Ce texte, initialement composé de quatre articles, en comporte désormais trente-sept. Une telle manière de légiférer, par propositions de loi « gonflées » lors de leur examen en commission et en séance publique, n’est guère satisfaisante.
Sans étude d’impact ni avis du Conseil d’État, nous ne disposons pas d’une pleine capacité d’expertise. Celle-ci nous fait particulièrement défaut au moment d’examiner des amendements du Gouvernement.
Je suis bien évidemment favorable aux dispositions qui visent à lutter plus efficacement contre les fraudes aux aides publiques, mais légiférer dans l’urgence au moyen d’une proposition de loi téléguidée par le Gouvernement n’est pas la meilleure façon de procéder.
Autre regret, ce texte ne s’attaque pas à la fraude fiscale, qui coûte entre 80 milliards et 100 milliards d’euros par an, ni à la fraude aux cotisations sociales, qui représente entre 5 milliards et 7 milliards d’euros, ni à la fraude aux prestations sociales, estimée à 3 milliards d’euros.
Le groupe des sénateurs socialistes a toujours été favorable à la protection du consommateur et à la lutte contre la fraude aux aides publiques. C’est un impératif pour renforcer l’acceptation de l’impôt chez nos concitoyens.
Je suis aussi très favorable aux dispositions interdisant le démarchage téléphonique, sauf si le consommateur donne son consentement, tant nos compatriotes ne supportent plus les sollicitations permanentes dont ils sont assaillis. Je salue l’apport décisif du Sénat sur ce sujet. La date du 11 août 2026 me semble laisser un délai réaliste pour permettre aux entreprises de s’adapter à cette nouvelle législation.
Je suis également favorable aux dispositions permettant de mieux lutter contre la fraude aux travaux de rénovation énergétique et d’adaptation à la perte d’autonomie. En ce qui concerne la limitation du nombre de rangs de sous-traitance dans les chantiers aidés pour la rénovation énergétique ou l’adaptation des logements au handicap, le compromis trouvé me semble correct.

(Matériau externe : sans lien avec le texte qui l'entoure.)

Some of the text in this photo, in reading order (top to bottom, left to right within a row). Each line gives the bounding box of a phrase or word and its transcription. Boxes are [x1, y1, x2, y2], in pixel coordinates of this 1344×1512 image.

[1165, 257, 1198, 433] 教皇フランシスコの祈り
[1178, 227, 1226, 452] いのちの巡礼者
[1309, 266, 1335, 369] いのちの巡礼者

Les grandes enseignes ne pourront être donneuses d’ordre que si elles sont titulaires d’un label RGE ou équivalent. En effet, les sénateurs du groupe socialiste ont veillé à préserver le réseau des petites entreprises et des artisans locaux, gage de qualité et acteur précieux du développement économique des territoires.

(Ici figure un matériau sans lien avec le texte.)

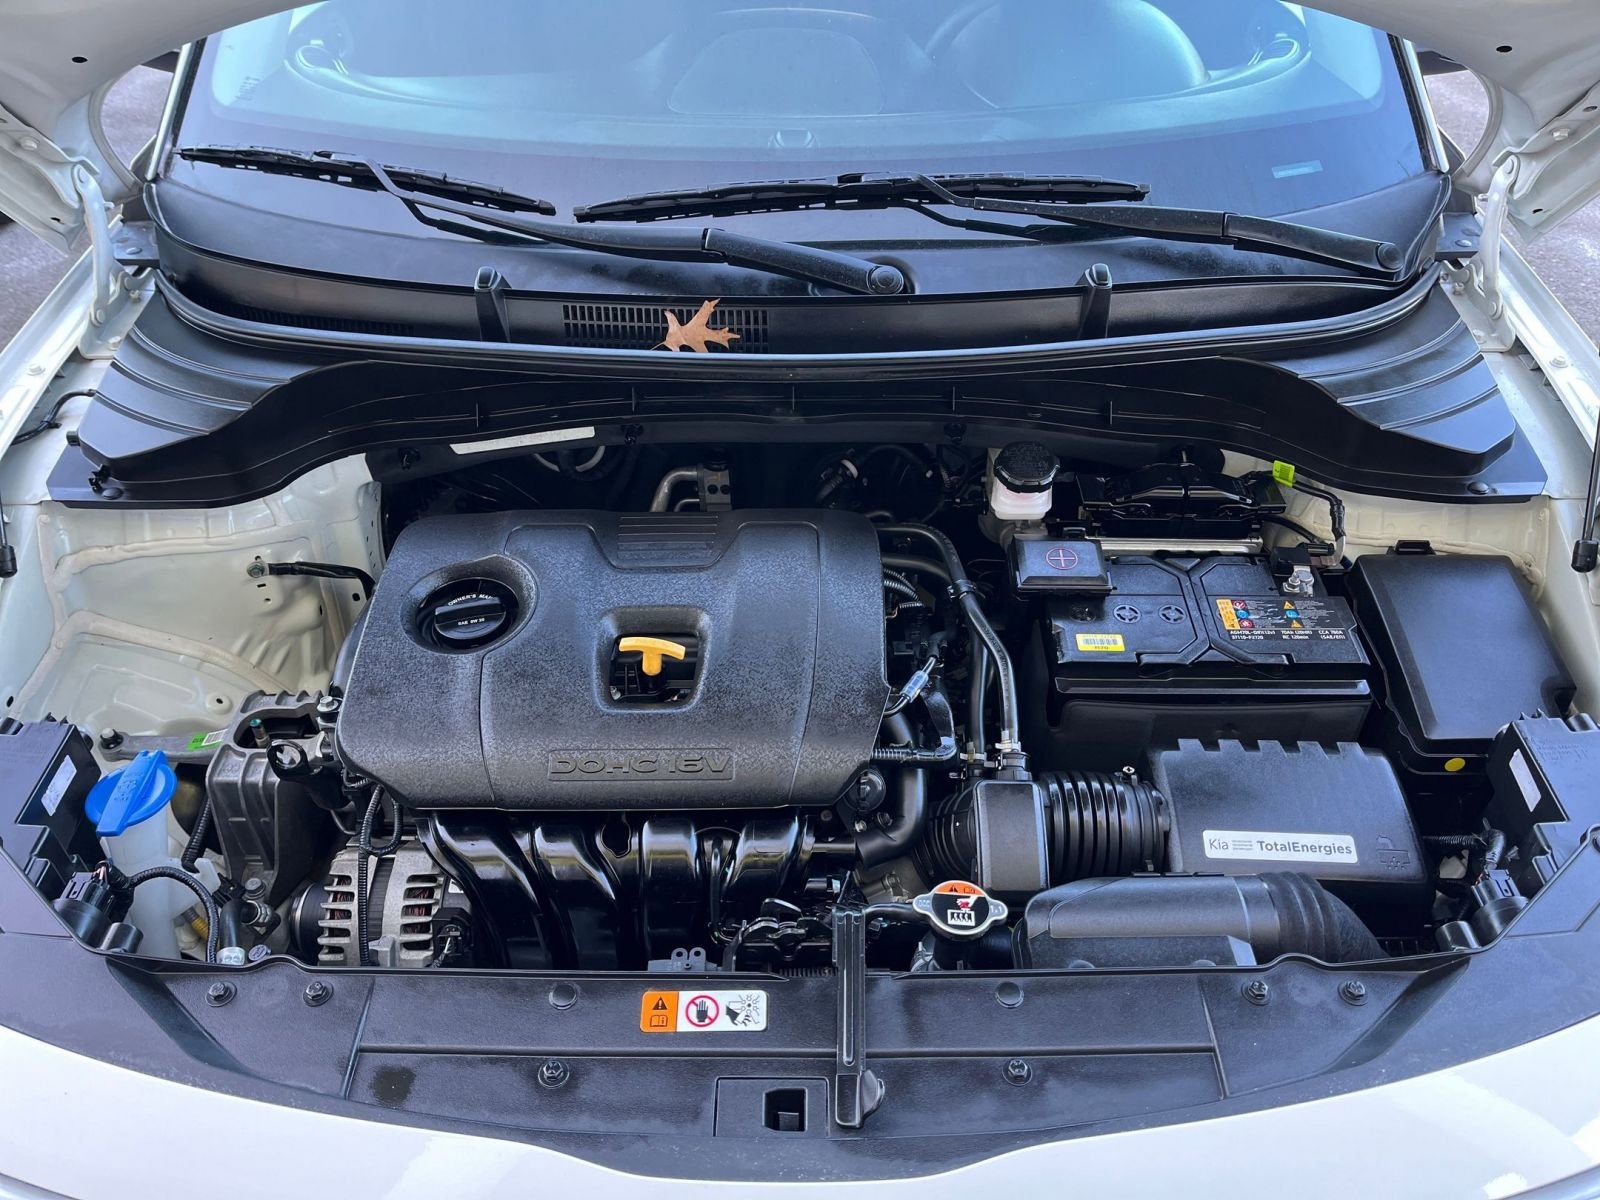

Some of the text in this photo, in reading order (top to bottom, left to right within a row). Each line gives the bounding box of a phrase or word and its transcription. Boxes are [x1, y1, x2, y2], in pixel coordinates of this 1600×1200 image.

Le renforcement de la lutte contre la fraude aux certificats d’économies d’énergie est un axe fort de cette proposition de loi. Le texte sécurise l’action du Pôle national des certificats d’économies d’énergie lors de ses contrôles, facilite la détection de fraudes lors de l’instruction des demandes et renforce la sanction que le Pôle peut prononcer.
Selon une récente enquête de l’UFC-Que Choisir, il est très difficile pour les consommateurs d’obtenir les C2E. Cette enquête, qui traite plus largement des dispositifs d’aide à la rénovation énergétique, souligne que l’accès aux aides reste trop complexe et peu efficace pour nos concitoyens. Il s’agit là de données que nous ne pouvons ignorer.
Nous sommes favorables au renforcement du partage d’informations entre la DGCCRF et la CRE afin de mieux lutter contre la recrudescence de la fraude dans ce secteur.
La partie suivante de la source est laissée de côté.